Railroad behemoth Union Pacific (NYSE:UNP) demonstrated convincingly on Wednesday that its interpretation of precision scheduled railroading (PSR) has provided a lasting boost to its efficiency and its bottom line.
The rail giant released its fourth-quarter 2020 financial scorecard before the markets opened, and though UNP stock closed the day down 4.7%, investors in for the long haul should be more than pleased with the company's results and rail-operating metrics over the last three months.
Steadying volumes and a pricing power
As it has since the beginning of the COVID-19 pandemic, Union Pacific struggled with volume this quarter, but it did manage a positive comparison over the last three months. Volume, as measured by revenue carloads, increased by 3% year over year, to 2.1 million carloads. Intermodal shipments, the company's largest freight type, improved in volume by 12%, offsetting declines in coal, metals, and energy shipments.
The railroad capitalized on the higher traffic by instituting advantageous pricing. Yet total freight revenue still declined by 1% year over year, to $4.8 billion, due to a drop in fuel surcharge revenue and what management described as a "less favorable business mix."
Net income dipped 2% against the fourth quarter of 2019, to $1.38 billion. Although the organization operated more efficiently versus the prior year, it took a non-cash impairment charge of $278 million on its Brazos Yard (a hump yard, or type of freight-sorting facility) in Hearne, Texas. This weighed on net income and produced the negative 2% comparison with the prior-year quarter.
The write-down on the Brazos Yard equaled roughly half of its project value of $550 million, which management had described last year as the largest capital investment in the company's history.
A breakout operating ratio performance
The Brazos Yard restructuring is related to the company's implementation of PSR principles over the last several quarters. While the Brazos facility is meant to increase network fluidity, its function has in part been made obsolete by other gains the company has achieved in network efficiency through its PSR program.

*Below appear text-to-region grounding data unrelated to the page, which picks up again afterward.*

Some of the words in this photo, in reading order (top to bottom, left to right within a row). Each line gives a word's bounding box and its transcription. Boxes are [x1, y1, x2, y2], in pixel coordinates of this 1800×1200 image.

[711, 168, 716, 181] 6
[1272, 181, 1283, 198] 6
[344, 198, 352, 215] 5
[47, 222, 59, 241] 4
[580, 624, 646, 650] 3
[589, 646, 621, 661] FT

As I discussed in the fall, Union Pacific has enjoyed a significant opportunity to conduct its PSR experiment during a period of weak rail volumes. The result has been a sustained reduction in its operating ratio (OR), a measure of rail productivity (found by dividing total expenses by total revenue during any given period). After adjusting for the Brazos Yard impairment charge, Union Pacific's fourth-quarter OR hit an all-time company low of 58.5%, a mark roughly two percentage points lower than the comparable prior-year quarter.
Key metrics demonstrate how the railroad is achieving record efficiency. Freight car velocity increased by 6% in the fourth quarter over the prior year, while average terminal dwell time decreased by 8%. Locomotive and workforce productivity (metrics that track miles per locomotive and per employee) improved by 14% and 11%, respectively. And Union Pacific's average train length jumped by 12% year over year, to roughly 9,150 feet.

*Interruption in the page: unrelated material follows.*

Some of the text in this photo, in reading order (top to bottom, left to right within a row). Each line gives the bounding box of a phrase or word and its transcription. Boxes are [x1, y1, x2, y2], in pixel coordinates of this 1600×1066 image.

Union Pacific continued to translate its profitability into solid cash flow during the fourth quarter. The freight transportation specialist has generated $5.6 billion in free cash flow over the last twelve months. It used all of this cash in conjunction with debt issuances to repurchase $3.7 billion worth of its own shares, issue $2.6 billion in dividend checks, and retire about $2 billion in existing debt.
As is customary for Union Pacific, management didn't issue detailed financial guidance in its year-end report. The company did indicate that the freight environment remains uncertain in the near term, courtesy of the COVID-19 pandemic. Nonetheless, management signaled further pricing power ahead in core freight categories in 2021 as well as confidence that the rail giant will increase its market share at the expense of rivals this year. All Union Pacific needs now to spur a hearty acceleration in earnings is a return to pre-COVID freight volumes.